------ SUPPLIED MATERIAL

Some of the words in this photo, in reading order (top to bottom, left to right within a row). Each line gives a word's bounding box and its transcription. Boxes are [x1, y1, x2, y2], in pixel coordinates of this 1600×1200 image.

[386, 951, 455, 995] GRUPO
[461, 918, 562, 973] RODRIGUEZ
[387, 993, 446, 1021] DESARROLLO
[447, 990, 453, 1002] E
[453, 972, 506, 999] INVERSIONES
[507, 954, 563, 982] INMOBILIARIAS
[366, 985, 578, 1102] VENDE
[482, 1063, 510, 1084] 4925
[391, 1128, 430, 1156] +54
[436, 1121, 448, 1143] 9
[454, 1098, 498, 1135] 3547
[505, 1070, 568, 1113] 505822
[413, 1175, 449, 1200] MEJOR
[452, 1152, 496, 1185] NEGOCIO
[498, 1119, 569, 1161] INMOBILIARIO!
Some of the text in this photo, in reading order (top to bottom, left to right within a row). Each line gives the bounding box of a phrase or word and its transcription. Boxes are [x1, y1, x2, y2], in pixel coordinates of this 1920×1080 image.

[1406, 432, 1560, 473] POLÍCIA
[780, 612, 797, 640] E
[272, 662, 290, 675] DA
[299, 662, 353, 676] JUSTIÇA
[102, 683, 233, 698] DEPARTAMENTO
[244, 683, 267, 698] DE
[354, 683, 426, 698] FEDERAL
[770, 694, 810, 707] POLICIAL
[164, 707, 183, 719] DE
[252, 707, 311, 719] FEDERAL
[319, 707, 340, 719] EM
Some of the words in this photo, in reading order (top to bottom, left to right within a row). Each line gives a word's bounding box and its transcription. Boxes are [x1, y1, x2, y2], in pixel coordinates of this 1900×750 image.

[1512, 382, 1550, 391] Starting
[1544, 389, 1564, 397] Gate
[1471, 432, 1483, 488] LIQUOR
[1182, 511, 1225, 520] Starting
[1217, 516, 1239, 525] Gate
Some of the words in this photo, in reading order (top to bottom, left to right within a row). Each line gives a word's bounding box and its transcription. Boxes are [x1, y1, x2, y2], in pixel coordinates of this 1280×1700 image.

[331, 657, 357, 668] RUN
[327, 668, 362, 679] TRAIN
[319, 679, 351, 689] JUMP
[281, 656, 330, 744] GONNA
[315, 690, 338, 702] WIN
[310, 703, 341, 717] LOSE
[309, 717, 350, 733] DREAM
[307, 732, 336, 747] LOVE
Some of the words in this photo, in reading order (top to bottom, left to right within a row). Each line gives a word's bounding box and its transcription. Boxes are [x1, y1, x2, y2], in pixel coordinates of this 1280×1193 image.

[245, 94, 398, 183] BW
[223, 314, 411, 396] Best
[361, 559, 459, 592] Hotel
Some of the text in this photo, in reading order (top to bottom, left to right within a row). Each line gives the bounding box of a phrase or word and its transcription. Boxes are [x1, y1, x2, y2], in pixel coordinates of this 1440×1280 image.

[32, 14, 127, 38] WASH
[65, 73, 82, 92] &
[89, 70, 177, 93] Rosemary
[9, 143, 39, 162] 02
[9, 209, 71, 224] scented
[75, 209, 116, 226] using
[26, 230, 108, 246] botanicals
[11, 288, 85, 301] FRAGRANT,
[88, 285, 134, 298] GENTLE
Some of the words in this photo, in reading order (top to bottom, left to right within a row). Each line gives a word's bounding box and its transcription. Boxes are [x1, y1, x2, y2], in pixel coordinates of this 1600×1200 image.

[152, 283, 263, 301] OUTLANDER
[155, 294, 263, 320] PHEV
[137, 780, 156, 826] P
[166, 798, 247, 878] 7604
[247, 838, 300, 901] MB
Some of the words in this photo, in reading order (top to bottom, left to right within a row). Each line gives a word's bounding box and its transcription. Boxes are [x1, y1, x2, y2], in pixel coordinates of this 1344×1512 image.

------------

Output the entries exactly.

Some of the words in this photo, in reading order (top to bottom, left to right within a row). Each line gives a word's bounding box and its transcription. Boxes are [x1, y1, x2, y2], in pixel coordinates of this 1600×1200 image.

[386, 951, 455, 995] GRUPO
[461, 918, 562, 973] RODRIGUEZ
[387, 993, 446, 1021] DESARROLLO
[447, 990, 453, 1002] E
[453, 972, 506, 999] INVERSIONES
[507, 954, 563, 982] INMOBILIARIAS
[366, 985, 578, 1102] VENDE
[482, 1063, 510, 1084] 4925
[391, 1128, 430, 1156] +54
[436, 1121, 448, 1143] 9
[454, 1098, 498, 1135] 3547
[505, 1070, 568, 1113] 505822
[413, 1175, 449, 1200] MEJOR
[452, 1152, 496, 1185] NEGOCIO
[498, 1119, 569, 1161] INMOBILIARIO!
Some of the text in this photo, in reading order (top to bottom, left to right within a row). Each line gives the bounding box of a phrase or word and its transcription. Boxes are [x1, y1, x2, y2], in pixel coordinates of this 1920×1080 image.

[1406, 432, 1560, 473] POLÍCIA
[780, 612, 797, 640] E
[272, 662, 290, 675] DA
[299, 662, 353, 676] JUSTIÇA
[102, 683, 233, 698] DEPARTAMENTO
[244, 683, 267, 698] DE
[354, 683, 426, 698] FEDERAL
[770, 694, 810, 707] POLICIAL
[164, 707, 183, 719] DE
[252, 707, 311, 719] FEDERAL
[319, 707, 340, 719] EM
Some of the words in this photo, in reading order (top to bottom, left to right within a row). Each line gives a word's bounding box and its transcription. Boxes are [x1, y1, x2, y2], in pixel coordinates of this 1900×750 image.

[1512, 382, 1550, 391] Starting
[1544, 389, 1564, 397] Gate
[1471, 432, 1483, 488] LIQUOR
[1182, 511, 1225, 520] Starting
[1217, 516, 1239, 525] Gate
Some of the words in this photo, in reading order (top to bottom, left to right within a row). Each line gives a word's bounding box and its transcription. Boxes are [x1, y1, x2, y2], in pixel coordinates of this 1280×1700 image.

[331, 657, 357, 668] RUN
[327, 668, 362, 679] TRAIN
[319, 679, 351, 689] JUMP
[281, 656, 330, 744] GONNA
[315, 690, 338, 702] WIN
[310, 703, 341, 717] LOSE
[309, 717, 350, 733] DREAM
[307, 732, 336, 747] LOVE
Some of the words in this photo, in reading order (top to bottom, left to right within a row). Each line gives a word's bounding box and its transcription. Boxes are [x1, y1, x2, y2], in pixel coordinates of this 1280×1193 image.

[245, 94, 398, 183] BW
[223, 314, 411, 396] Best
[361, 559, 459, 592] Hotel
Some of the text in this photo, in reading order (top to bottom, left to right within a row). Each line gives the bounding box of a phrase or word and its transcription. Boxes are [x1, y1, x2, y2], in pixel coordinates of this 1440×1280 image.

[32, 14, 127, 38] WASH
[65, 73, 82, 92] &
[89, 70, 177, 93] Rosemary
[9, 143, 39, 162] 02
[9, 209, 71, 224] scented
[75, 209, 116, 226] using
[26, 230, 108, 246] botanicals
[11, 288, 85, 301] FRAGRANT,
[88, 285, 134, 298] GENTLE
Some of the words in this photo, in reading order (top to bottom, left to right within a row). Each line gives a word's bounding box and its transcription. Boxes are [x1, y1, x2, y2], in pixel coordinates of this 1600×1200 image.

[152, 283, 263, 301] OUTLANDER
[155, 294, 263, 320] PHEV
[137, 780, 156, 826] P
[166, 798, 247, 878] 7604
[247, 838, 300, 901] MB
Some of the words in this photo, in reading order (top to bottom, left to right within a row). Each line gives a word's bounding box and its transcription. Boxes are [x1, y1, x2, y2], in pixel coordinates of this 1344×1512 image.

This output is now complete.